Accepts Healthy Volunteers

No

Genders Eligible for Study

All

Sampling Method

Probability Sample

Study Population

Intubated inpatients 18 years and older at the University of Wisconsin Hospital Trauma and Life Support Center.

Description

Inclusion Criteria:

  • Patients that were intubated for more than 48 hours.
  • Adults, 18 and over
  • All races
  • Males and females
  • Approval to participate in the study by the treating physician

Exclusion Criteria:

  • Patients with a history of oropharyngeal dysphagia.
  • Patients with neurological disorders associated with dysphagia including dementia, Parkinson's disease, multiple sclerosis, stroke, and ALS.
  • Patients with a history of head and neck cancer or laryngeal surgery.
  • Patients that are not candidate for FEES because of facial fractures, nothing by mouth (NPO) status for other procedures, elevated bleeding risk (patients on therapeutically dosed anticoagulant infusion or injection, platelet count less than 50,000, INR greater than 2.0, partial thromboplastin time greater than 1.5 times normal), decreased level of arousal/alertness, significant agitation, or inability to tolerate room air or nasal cannula oxygen for duration of FEES.
  • Patients who are extubated after 1400 or on weekends (Friday, Saturday, or Sunday).
  • Non-English Speakers will be excluded

Study Plan

This section provides details of the study plan, including how the study is designed and what the study is measuring.

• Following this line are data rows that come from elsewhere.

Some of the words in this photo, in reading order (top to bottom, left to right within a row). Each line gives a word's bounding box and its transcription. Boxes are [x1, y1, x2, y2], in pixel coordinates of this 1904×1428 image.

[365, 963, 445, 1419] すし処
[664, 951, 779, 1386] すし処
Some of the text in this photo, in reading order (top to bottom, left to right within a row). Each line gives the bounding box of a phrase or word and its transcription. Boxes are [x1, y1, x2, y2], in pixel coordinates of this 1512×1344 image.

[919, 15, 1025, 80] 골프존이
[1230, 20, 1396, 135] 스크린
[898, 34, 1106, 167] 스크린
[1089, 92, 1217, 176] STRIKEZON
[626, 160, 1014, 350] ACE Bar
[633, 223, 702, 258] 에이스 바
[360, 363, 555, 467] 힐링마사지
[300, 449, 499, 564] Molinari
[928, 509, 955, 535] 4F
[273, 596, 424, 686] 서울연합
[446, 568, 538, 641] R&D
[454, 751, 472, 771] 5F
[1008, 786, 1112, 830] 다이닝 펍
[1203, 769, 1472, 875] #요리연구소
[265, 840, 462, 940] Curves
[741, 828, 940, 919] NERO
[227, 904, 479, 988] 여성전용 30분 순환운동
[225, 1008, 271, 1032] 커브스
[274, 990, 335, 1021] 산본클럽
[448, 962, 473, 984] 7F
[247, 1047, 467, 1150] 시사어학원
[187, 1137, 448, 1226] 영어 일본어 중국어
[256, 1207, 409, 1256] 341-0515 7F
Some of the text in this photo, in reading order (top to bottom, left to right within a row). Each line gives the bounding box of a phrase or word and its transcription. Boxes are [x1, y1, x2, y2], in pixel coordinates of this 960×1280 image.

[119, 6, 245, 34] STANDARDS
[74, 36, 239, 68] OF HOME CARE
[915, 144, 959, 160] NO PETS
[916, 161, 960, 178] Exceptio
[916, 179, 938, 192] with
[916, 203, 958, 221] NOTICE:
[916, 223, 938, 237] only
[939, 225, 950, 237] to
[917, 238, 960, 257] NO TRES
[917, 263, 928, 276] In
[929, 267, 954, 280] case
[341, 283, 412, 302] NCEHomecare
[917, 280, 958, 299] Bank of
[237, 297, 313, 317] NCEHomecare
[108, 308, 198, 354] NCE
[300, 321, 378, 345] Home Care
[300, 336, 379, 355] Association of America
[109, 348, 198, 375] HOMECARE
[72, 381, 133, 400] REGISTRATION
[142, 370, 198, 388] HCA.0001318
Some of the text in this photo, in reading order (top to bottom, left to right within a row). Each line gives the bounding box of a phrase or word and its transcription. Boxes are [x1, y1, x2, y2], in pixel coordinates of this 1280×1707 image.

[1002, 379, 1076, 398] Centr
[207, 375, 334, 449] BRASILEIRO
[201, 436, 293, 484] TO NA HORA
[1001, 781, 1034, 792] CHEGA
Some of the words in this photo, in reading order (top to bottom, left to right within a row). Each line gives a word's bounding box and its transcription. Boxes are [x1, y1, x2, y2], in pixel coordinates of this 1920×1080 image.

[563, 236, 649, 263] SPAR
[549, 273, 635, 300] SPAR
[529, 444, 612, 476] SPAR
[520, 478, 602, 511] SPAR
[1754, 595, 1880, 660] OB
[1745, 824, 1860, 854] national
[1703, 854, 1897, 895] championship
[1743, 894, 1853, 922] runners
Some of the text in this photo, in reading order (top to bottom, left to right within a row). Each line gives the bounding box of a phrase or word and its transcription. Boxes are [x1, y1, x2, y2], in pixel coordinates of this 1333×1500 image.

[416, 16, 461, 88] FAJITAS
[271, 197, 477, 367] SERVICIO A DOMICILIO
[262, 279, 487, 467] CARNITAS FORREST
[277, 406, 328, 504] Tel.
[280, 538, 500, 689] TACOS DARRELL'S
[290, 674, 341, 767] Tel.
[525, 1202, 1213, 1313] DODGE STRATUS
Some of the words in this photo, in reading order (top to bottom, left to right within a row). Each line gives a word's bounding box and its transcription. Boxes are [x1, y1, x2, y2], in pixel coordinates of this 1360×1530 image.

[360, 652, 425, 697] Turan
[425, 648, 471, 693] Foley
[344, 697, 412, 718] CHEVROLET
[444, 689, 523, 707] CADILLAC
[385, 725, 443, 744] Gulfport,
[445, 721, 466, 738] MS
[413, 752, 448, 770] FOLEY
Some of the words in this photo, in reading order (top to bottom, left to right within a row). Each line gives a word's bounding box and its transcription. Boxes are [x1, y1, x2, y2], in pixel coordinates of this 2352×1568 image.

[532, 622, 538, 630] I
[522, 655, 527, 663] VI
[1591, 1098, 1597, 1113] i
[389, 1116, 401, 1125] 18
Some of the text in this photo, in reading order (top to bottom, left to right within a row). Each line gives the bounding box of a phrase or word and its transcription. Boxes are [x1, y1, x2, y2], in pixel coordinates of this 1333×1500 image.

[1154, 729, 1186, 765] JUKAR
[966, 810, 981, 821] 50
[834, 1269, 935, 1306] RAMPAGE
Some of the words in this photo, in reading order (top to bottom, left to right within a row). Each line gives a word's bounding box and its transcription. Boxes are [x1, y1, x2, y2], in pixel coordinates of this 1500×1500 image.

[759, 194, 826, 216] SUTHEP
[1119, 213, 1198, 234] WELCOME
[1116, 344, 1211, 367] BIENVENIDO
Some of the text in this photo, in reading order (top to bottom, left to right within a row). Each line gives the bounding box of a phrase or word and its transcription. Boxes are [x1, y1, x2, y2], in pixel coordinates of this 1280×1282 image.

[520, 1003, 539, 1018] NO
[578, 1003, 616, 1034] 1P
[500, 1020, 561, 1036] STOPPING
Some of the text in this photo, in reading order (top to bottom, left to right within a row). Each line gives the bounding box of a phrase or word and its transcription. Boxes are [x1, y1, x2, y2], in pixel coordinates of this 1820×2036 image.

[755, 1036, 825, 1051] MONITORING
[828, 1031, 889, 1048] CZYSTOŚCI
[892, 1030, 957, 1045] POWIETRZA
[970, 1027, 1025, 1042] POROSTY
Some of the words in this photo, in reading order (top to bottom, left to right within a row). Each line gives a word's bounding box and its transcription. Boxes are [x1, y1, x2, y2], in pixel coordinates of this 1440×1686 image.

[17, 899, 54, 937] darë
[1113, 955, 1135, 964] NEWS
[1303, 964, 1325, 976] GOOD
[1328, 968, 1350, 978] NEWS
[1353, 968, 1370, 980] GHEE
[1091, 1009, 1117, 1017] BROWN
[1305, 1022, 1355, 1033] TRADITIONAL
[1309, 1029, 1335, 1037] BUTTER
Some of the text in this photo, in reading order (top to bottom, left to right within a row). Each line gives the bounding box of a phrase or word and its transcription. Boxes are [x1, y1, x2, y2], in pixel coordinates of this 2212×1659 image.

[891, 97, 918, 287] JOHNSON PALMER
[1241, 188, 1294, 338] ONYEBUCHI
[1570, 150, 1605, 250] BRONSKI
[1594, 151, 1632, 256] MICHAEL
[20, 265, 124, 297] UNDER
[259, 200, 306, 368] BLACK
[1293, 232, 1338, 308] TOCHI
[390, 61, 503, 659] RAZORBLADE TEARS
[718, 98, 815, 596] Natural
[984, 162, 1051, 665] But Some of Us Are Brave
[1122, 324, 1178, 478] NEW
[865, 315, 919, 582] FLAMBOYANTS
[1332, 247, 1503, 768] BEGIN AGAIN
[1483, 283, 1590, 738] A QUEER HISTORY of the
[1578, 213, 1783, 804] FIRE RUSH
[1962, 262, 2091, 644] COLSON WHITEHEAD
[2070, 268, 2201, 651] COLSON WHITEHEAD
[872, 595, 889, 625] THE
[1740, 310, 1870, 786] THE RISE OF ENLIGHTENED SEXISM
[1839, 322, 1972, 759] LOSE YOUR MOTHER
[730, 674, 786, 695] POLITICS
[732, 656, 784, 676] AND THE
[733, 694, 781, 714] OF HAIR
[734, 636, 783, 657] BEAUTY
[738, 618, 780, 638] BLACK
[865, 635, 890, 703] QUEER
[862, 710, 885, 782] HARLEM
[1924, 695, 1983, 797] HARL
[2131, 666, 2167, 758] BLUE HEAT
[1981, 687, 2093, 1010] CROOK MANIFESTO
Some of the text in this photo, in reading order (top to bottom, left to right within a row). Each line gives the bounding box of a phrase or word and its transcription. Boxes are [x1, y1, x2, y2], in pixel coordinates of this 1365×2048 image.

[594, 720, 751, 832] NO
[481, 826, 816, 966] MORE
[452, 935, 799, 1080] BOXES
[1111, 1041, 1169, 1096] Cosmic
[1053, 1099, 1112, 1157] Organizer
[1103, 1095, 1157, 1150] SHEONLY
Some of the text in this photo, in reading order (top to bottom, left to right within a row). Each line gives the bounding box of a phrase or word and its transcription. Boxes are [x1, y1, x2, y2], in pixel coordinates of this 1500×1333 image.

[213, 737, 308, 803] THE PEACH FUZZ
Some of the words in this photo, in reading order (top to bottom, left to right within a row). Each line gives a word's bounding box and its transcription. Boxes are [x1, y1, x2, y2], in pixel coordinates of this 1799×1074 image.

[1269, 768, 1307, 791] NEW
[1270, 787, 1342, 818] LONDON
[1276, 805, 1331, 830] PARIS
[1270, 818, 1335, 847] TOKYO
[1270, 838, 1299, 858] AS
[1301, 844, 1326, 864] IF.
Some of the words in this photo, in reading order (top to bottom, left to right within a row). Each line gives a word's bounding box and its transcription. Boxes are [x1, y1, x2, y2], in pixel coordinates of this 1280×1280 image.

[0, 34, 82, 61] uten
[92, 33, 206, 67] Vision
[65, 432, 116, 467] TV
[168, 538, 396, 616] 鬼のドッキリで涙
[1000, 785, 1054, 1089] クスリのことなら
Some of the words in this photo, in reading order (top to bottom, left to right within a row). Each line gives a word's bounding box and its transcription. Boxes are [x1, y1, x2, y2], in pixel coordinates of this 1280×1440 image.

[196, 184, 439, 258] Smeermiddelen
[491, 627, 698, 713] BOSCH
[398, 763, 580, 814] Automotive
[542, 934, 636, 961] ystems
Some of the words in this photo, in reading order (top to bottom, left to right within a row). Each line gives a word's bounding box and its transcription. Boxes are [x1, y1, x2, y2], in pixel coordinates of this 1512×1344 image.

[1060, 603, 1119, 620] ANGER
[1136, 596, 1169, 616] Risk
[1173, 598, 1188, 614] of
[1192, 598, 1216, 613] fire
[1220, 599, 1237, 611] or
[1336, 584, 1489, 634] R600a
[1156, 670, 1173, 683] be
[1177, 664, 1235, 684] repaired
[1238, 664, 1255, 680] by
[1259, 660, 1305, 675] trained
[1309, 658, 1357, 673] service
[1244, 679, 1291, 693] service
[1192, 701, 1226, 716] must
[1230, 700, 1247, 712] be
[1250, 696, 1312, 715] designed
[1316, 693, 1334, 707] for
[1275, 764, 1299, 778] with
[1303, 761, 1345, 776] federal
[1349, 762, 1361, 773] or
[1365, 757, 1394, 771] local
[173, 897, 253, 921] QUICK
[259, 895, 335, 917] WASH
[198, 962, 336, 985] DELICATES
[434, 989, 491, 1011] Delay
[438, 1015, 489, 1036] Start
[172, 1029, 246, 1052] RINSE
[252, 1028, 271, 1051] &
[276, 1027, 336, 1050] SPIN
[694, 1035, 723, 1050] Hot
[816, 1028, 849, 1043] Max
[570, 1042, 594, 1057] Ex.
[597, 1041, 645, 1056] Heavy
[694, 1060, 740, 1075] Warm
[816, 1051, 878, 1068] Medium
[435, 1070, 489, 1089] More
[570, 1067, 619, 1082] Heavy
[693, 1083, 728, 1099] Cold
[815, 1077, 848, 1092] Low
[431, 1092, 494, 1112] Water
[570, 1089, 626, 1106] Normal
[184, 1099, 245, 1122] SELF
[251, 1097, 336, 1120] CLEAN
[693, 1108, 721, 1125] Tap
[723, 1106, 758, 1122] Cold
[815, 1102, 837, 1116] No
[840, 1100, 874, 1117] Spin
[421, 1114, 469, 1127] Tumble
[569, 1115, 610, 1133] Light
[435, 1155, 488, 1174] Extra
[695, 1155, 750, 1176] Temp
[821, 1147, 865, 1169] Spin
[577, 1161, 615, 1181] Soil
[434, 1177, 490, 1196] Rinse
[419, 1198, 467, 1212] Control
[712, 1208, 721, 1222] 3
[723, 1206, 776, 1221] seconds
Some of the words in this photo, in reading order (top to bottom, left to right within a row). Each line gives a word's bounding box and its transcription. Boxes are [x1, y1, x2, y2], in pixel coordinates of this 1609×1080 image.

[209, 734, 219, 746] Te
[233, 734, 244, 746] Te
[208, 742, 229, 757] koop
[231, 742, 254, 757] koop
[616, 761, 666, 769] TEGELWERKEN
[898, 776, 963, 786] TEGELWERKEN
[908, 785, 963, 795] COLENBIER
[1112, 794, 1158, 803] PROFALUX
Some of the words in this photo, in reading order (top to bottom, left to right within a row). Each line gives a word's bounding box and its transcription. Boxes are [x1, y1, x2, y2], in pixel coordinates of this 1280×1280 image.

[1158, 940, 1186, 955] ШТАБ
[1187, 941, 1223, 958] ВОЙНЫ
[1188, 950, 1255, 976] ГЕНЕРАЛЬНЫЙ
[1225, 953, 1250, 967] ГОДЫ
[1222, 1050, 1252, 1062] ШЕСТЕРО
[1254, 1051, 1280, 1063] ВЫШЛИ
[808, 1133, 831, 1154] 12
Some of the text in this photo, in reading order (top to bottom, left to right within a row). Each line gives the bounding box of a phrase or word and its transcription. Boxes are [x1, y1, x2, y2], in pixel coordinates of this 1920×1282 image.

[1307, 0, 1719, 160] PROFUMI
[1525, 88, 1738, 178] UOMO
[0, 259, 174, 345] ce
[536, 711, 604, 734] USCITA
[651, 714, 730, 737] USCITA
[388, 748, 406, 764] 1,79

How is the study designed?

Design Details

  • Observational Models: Case-Only
  • Time Perspectives: Prospective

Cohorts and Interventions

Group / Cohort
Intervention / Treatment
Post-Extubation Subjects
Other: Evaluation of Swallowing
Evaluating for pharyngeal delay, pharyngeal stasis, and penetration/aspiration

What is the study measuring?

Primary Outcome Measures

Outcome Measure
Measure Description
Time Frame
Severity of Aspiration per Evaluation
Time Frame: post-extubation at 2-4 hours and possibly 24-26 hours.
Flexible Endoscopic Evaluation of Swallow (FEES - a measure of swallowing which will allow for the diagnosis of swallowing) will be recorded at between 2 to 4 hour after extubation. If penetration/aspiration is noted during the evaluation between 2 to 4 hours post-extubation, then a second FEES evaluation will be completed between 24 to 26 hours post-extubation.
post-extubation at 2-4 hours and possibly 24-26 hours.

Collaborators and Investigators

This is where you will find people and organizations involved with this study.

Sponsor

University of Wisconsin, Madison

Investigators

  • Principal Investigator: Stevie Marvin, MS, Univeristy of Wisconsin

Study record dates

These dates track the progress of study record and summary results submissions to ClinicalTrials.gov. Study records and reported results are reviewed by the National Library of Medicine (NLM) to make sure they meet specific quality control standards before being posted on the public website.

Study Major Dates

Study Start

March 1, 2013

Primary Completion (Actual)

February 1, 2016

Study Completion (Actual)

February 1, 2016

Study Registration Dates

First Submitted

May 3, 2013

First Submitted That Met QC Criteria

May 7, 2013

First Posted (Estimate)

May 8, 2013

Study Record Updates

Last Update Posted (Estimate)

November 1, 2016

Last Update Submitted That Met QC Criteria

October 31, 2016

Last Verified

October 1, 2016

More Information

Terms related to this study

Keywords

Other Study ID Numbers

  • 2012-0407

Drug and device information, study documents

Studies a U.S. FDA-regulated drug product

No

Studies a U.S. FDA-regulated device product

No

product manufactured in and exported from the U.S.

No

This information was retrieved directly from the website clinicaltrials.gov without any changes. If you have any requests to change, remove or update your study details, please contact register@clinicaltrials.gov. As soon as a change is implemented on clinicaltrials.gov, this will be updated automatically on our website as well.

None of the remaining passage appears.